Segment Start: EXTRACTED ENTRIES

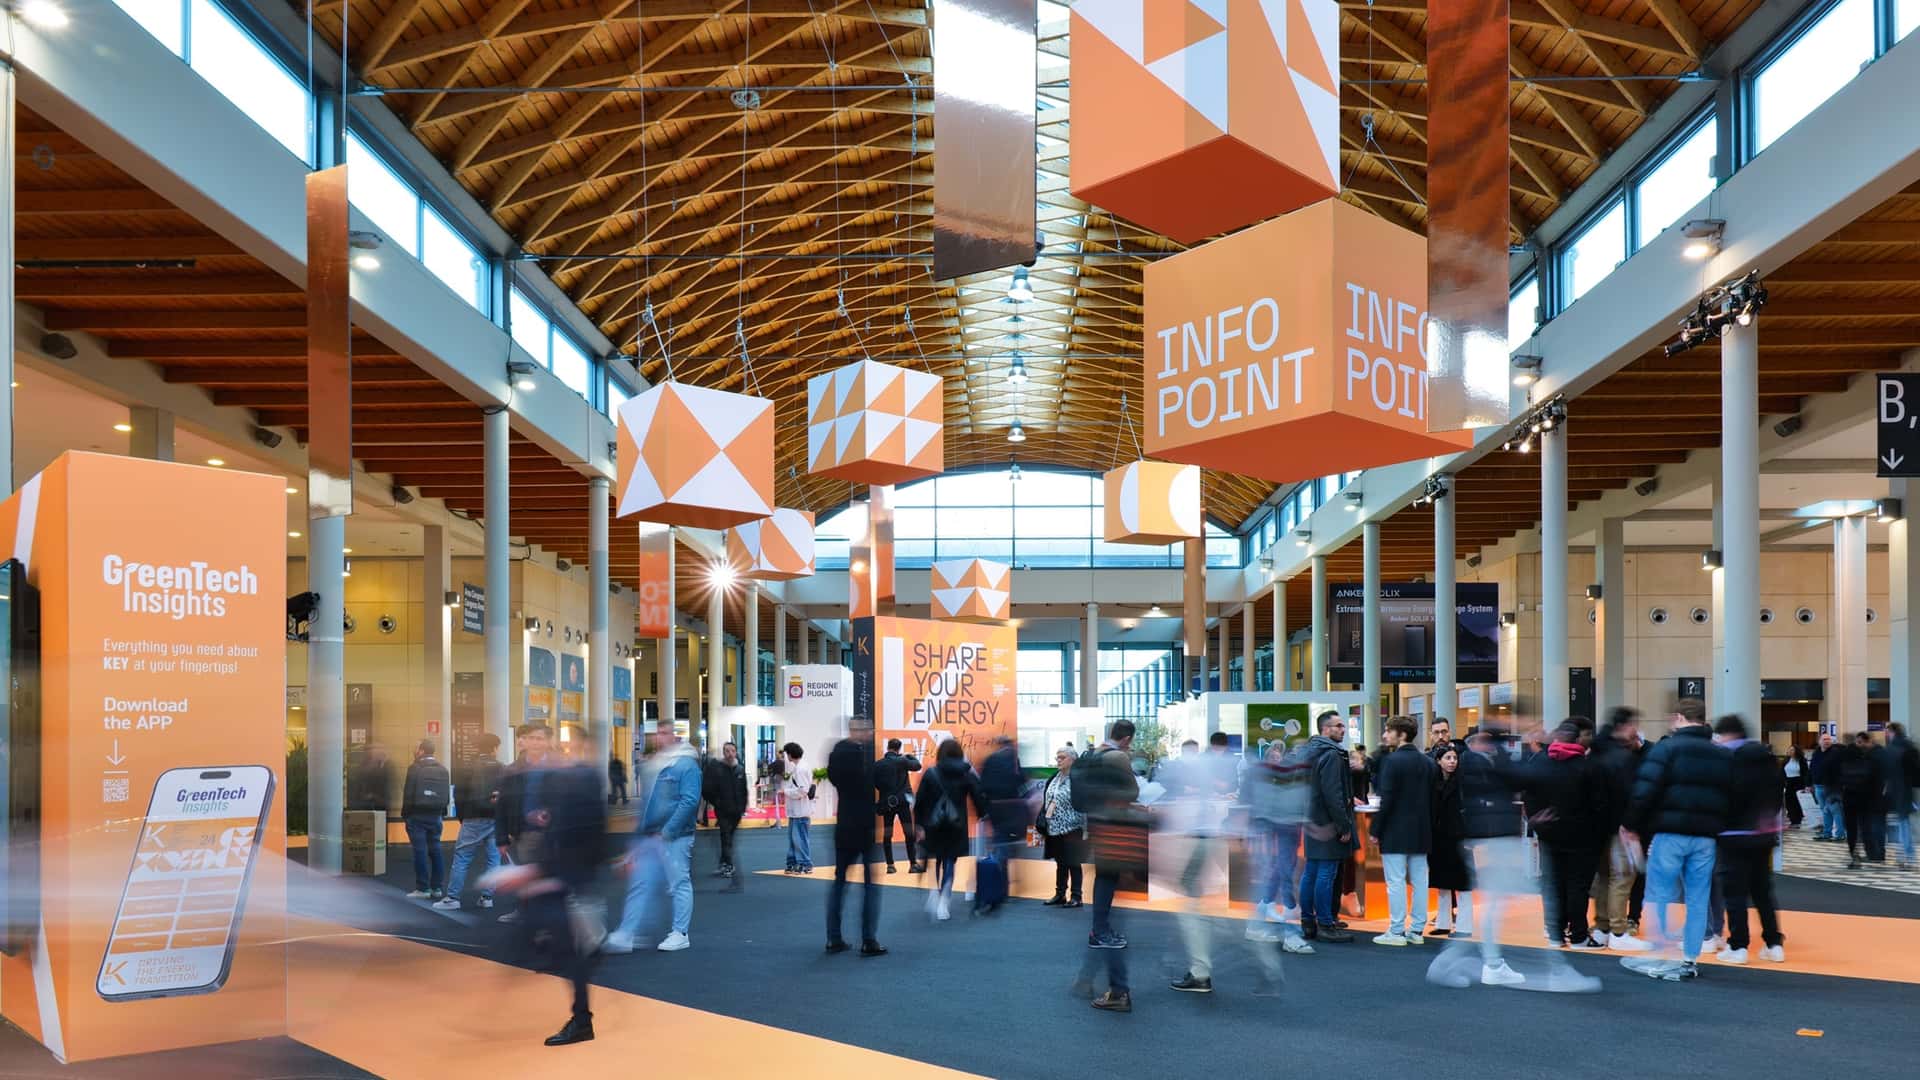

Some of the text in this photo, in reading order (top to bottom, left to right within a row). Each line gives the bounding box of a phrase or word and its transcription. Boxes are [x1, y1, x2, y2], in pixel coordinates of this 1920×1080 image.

[1157, 297, 1280, 379] INFO
[1158, 346, 1314, 437] POINT
[1347, 346, 1427, 420] POI
[103, 554, 257, 595] GreenTech
[124, 588, 226, 620] Insights
[1467, 604, 1493, 614] System
[104, 638, 258, 657] Everything you need about
[913, 643, 987, 671] SHARE
[104, 656, 238, 675] KEY at your fingertips!
[807, 682, 839, 690] REGIONE
[913, 671, 973, 698] YOUR
[104, 697, 188, 712] Download
[913, 698, 999, 725] ENERGY
[104, 715, 173, 730] the APP
[177, 786, 247, 802] GreenTech
[182, 799, 229, 815] Insights

Segment End: EXTRACTED ENTRIES

DIRECTIONS:
Each record should appear again exactly as it stands, with no picture included.

TASK OUTPUT:
Some of the text in this photo, in reading order (top to bottom, left to right within a row). Each line gives the bounding box of a phrase or word and its transcription. Boxes are [x1, y1, x2, y2], in pixel coordinates of this 1920×1080 image.

[1157, 297, 1280, 379] INFO
[1158, 346, 1314, 437] POINT
[1347, 346, 1427, 420] POI
[103, 554, 257, 595] GreenTech
[124, 588, 226, 620] Insights
[1467, 604, 1493, 614] System
[104, 638, 258, 657] Everything you need about
[913, 643, 987, 671] SHARE
[104, 656, 238, 675] KEY at your fingertips!
[807, 682, 839, 690] REGIONE
[913, 671, 973, 698] YOUR
[104, 697, 188, 712] Download
[913, 698, 999, 725] ENERGY
[104, 715, 173, 730] the APP
[177, 786, 247, 802] GreenTech
[182, 799, 229, 815] Insights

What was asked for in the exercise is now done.